Il panorama era bellissimo: oltre alle montagne, lo sguardo arrivava fino al castello di Arco e si intravedeva il lago di Garda.    

Ci siamo fermati alla casa sociale dove abbiamo giocato insieme e pranzato.

Riportiamo alcune notizie sul lago di Cavedine che ci siamo raccontati mentre eravamo lì, in un ambiente molto bello e pittoresco come quello del lago, ma anche lugubre e selvatico come quello delle Marocche che ha ispirato pure Dante nella descrizione che troviamo all’interno dell’Inferno.

L’imponente frana delle Marocche, sbarrando la valle, ha creato le condizioni per la formazione di diversi laghi, tra cui quello di Cavedine. Il lago di Cavedine, di origine naturale, negli anni ’50 è stato integrato nell’impianto idroelettrico di Torbole con la funzione di serbatoio di regolazione giornaliero-settimanale. Sulla sponda sud-orientale del lago è stata realizzata l’opera di presa che alimenta la centrale attraverso una galleria in roccia lunga 14km. Per permettere la costruzione della presa si è dovuto parzialmente svuotare il lago. Avendo assunto questa funzione di regolazione, il lago è soggetto a consistenti e rapide variazioni di livello.

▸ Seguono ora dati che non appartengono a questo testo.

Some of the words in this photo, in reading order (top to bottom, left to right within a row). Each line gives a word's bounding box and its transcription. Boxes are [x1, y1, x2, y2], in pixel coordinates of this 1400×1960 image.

Le Marocche di Dro (dal termine trentino maròc ovvero blocco di roccia) sono la frana più grande dell’intero arco alpino: detriti, risalenti a frane e crolli avvenuti durante il ritiro dei ghiacciai circa 20.000 anni fa. Leggenda narra che sotto i macigni delle Marocche di Dro dorma la città di Kas, ma a rendere sottile il confine tra fantasia e realtà è l’incredibile ritrovamento di un tegolone di epoca romana e delle ceneri, avvenuto nel 1907 durante i lavori di scavo del canale sotterraneo che doveva alimentare la centrale di Fies. La zona fu inoltre colpita da un terremoto nel 1046 che generò l’enorme frana, nota come “ruina dantesca”, citata nel XII canto dell’Inferno dove sono puniti i violenti contro il prossimo.  

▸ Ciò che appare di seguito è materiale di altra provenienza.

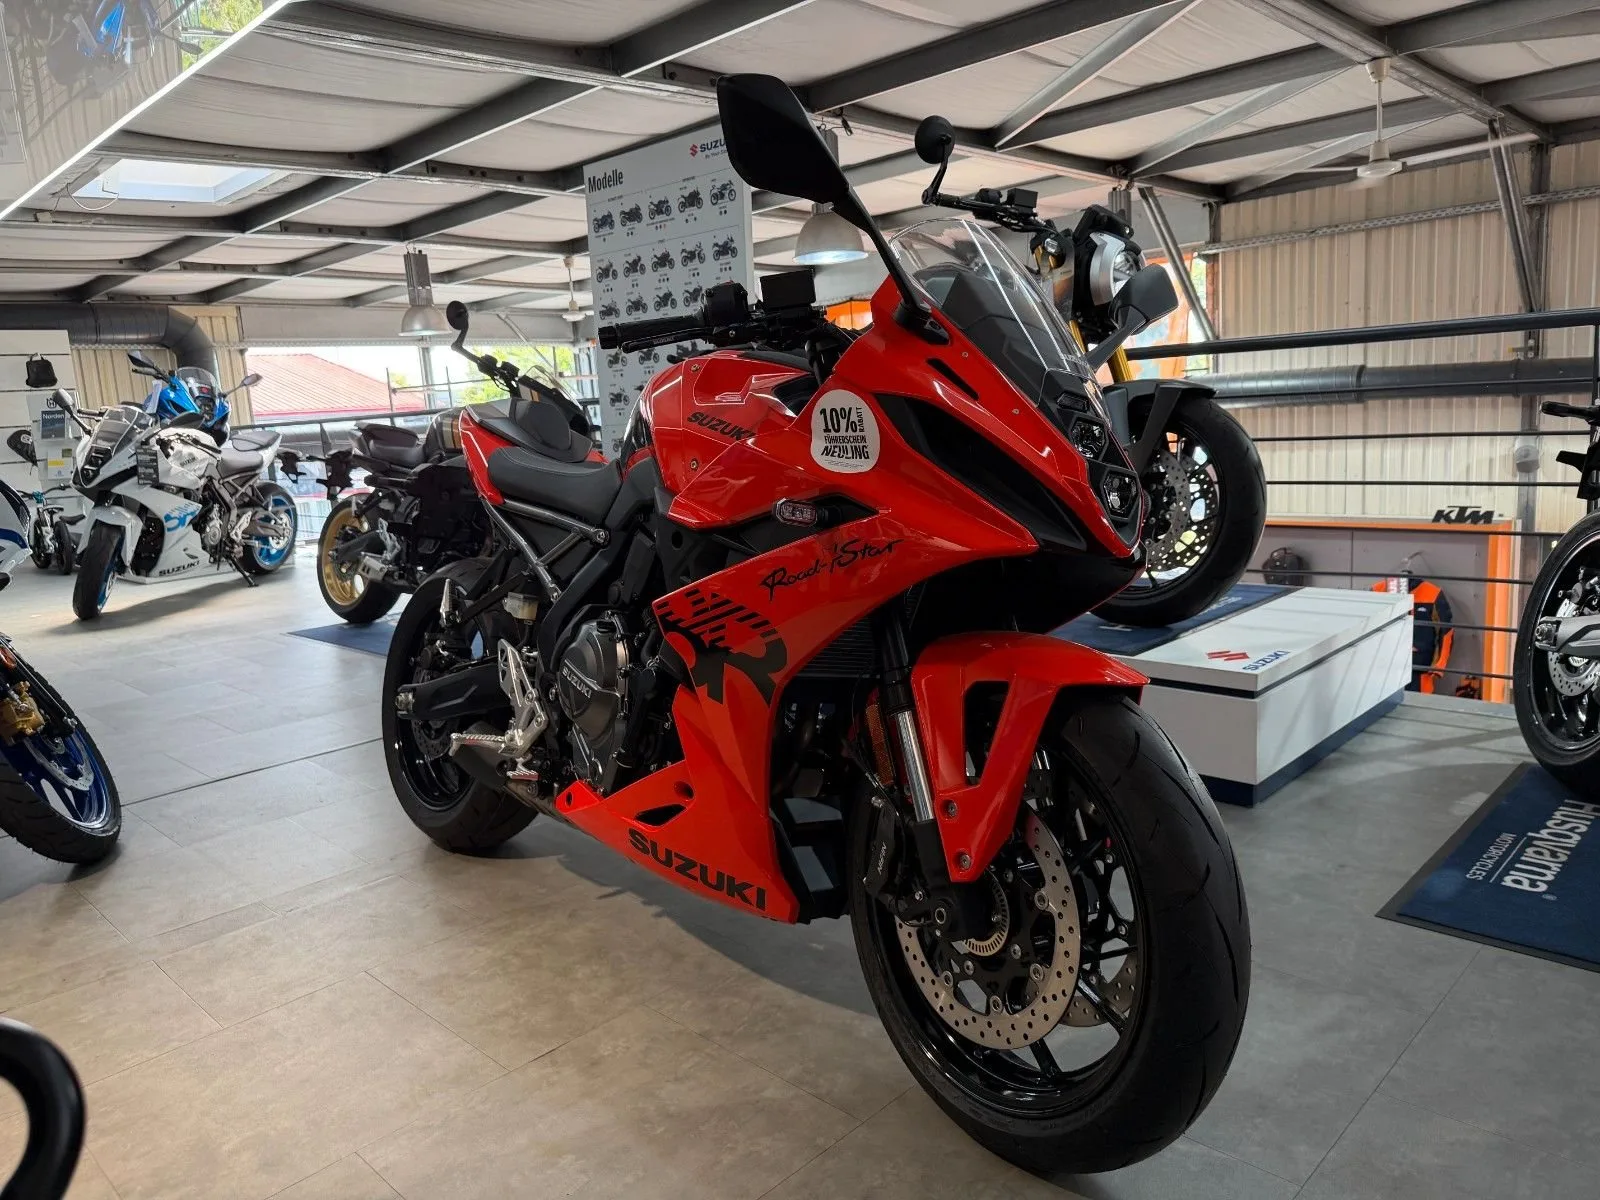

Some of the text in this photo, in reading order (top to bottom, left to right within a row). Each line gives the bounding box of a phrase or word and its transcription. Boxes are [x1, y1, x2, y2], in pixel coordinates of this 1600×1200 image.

[588, 169, 624, 194] Modelle
[687, 412, 757, 441] SUZUKI
[820, 407, 858, 433] 10%
[855, 406, 865, 433] RABATT
[824, 433, 868, 444] FÜHRERSCHEIN
[821, 444, 870, 460] NEULING
[1432, 506, 1494, 525] KTM
[159, 560, 200, 577] SUZUKI
[1242, 650, 1290, 671] SUZUKI
[562, 666, 592, 698] SUZUKI
[1465, 832, 1517, 880] MOTORCYCLES
[1500, 799, 1600, 892] Husqvarna
[628, 828, 766, 911] SUZUKI

Era lo loco ov’a scender la riva

venimmo, alpestro e, per quel che v’er’anco,

tal, ch’ogne vista ne sarebbe schiva.

Qual è quella ruina che nel fianco

di qua da Trento l’Adice percosse,

o per tremoto o per sostegno manco

che da cima del monte, onde si mosse,

al piano è sì la roccia discoscesa,

ch’alcuna via darebbe a chi sù fosse.